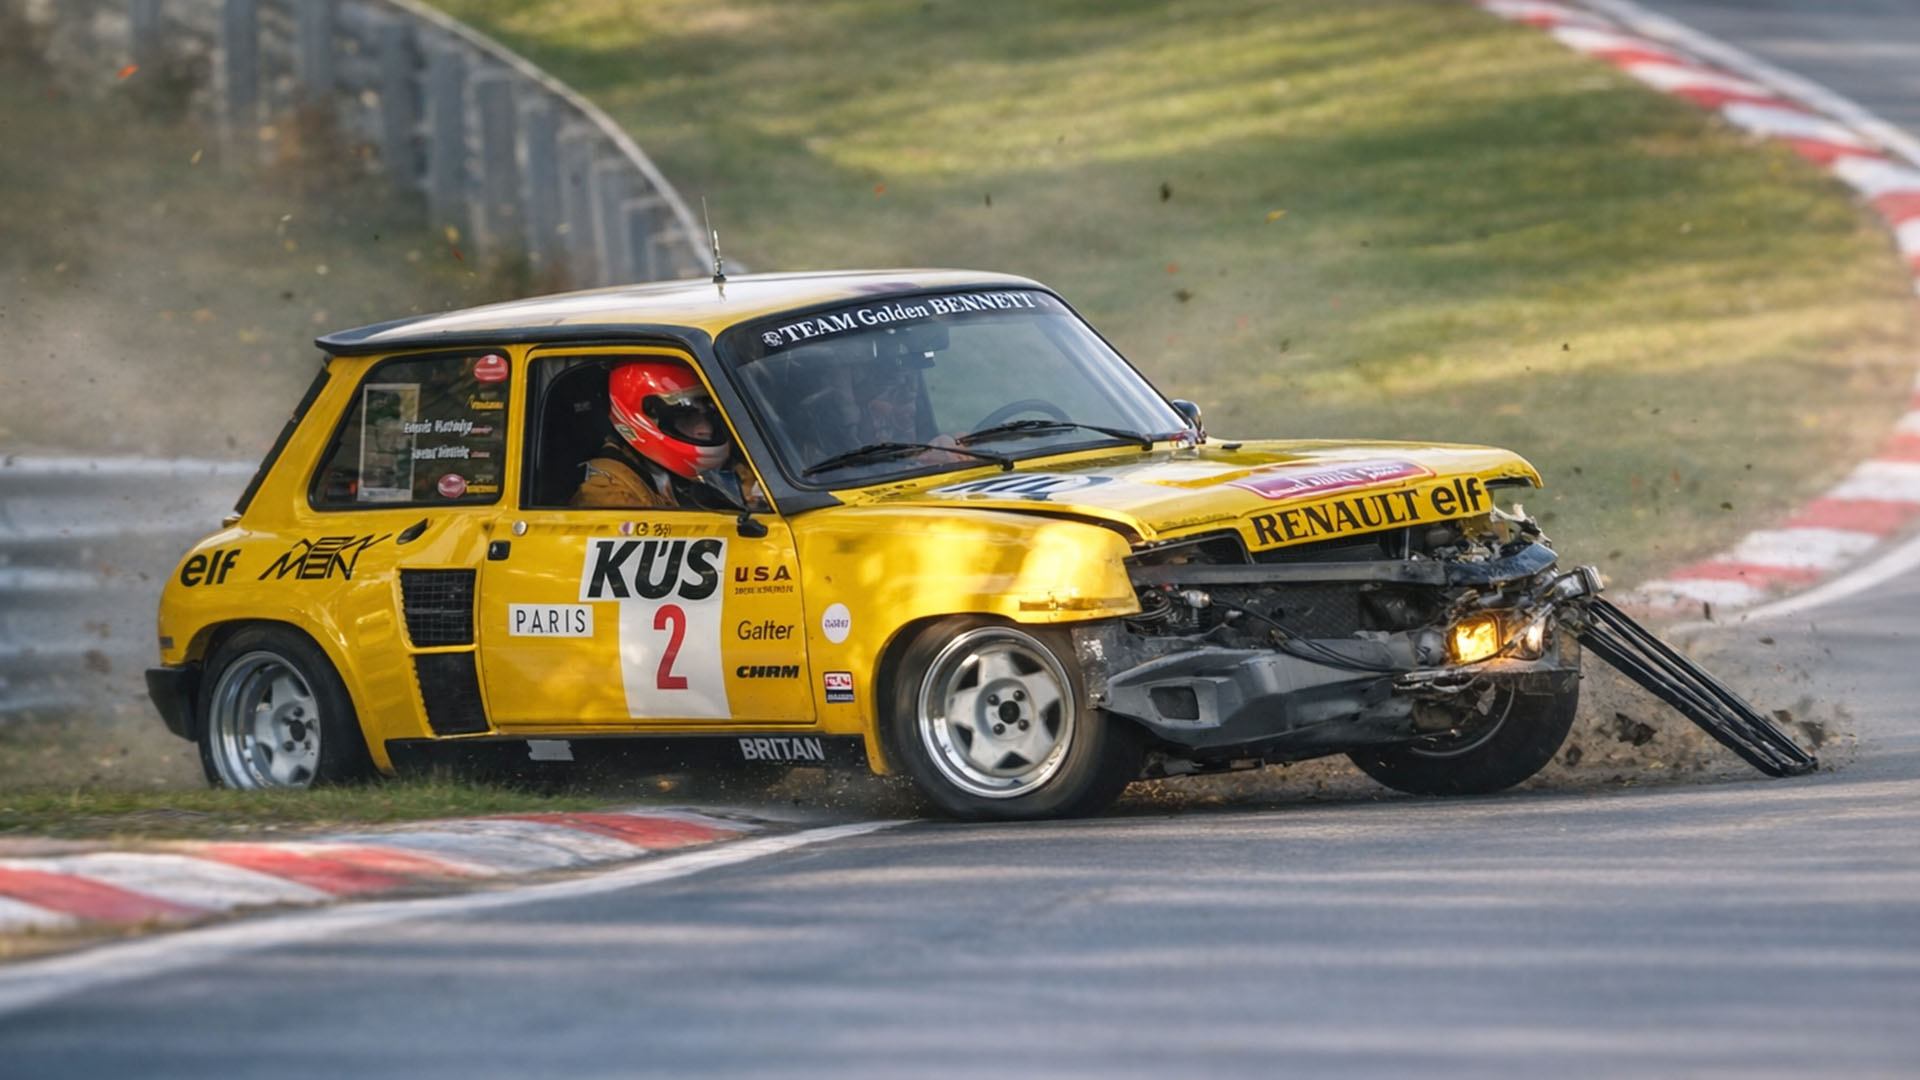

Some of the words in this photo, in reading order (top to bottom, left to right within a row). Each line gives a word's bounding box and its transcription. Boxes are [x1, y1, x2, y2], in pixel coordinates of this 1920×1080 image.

[780, 312, 857, 342] TEAM
[858, 304, 929, 325] Golden
[928, 292, 1036, 314] BENNETT
[1250, 489, 1421, 546] RENAULT
[1430, 477, 1482, 516] elf
[180, 549, 241, 587] elf
[516, 608, 587, 633] PARIS
[653, 604, 689, 690] 2
[740, 738, 824, 760] BRITAN

**What is being asked**
Write the records out in full, word for word; leave every picture behind.

**Task solution**
Some of the words in this photo, in reading order (top to bottom, left to right within a row). Each line gives a word's bounding box and its transcription. Boxes are [x1, y1, x2, y2], in pixel coordinates of this 1920×1080 image.

[780, 312, 857, 342] TEAM
[858, 304, 929, 325] Golden
[928, 292, 1036, 314] BENNETT
[1250, 489, 1421, 546] RENAULT
[1430, 477, 1482, 516] elf
[180, 549, 241, 587] elf
[516, 608, 587, 633] PARIS
[653, 604, 689, 690] 2
[740, 738, 824, 760] BRITAN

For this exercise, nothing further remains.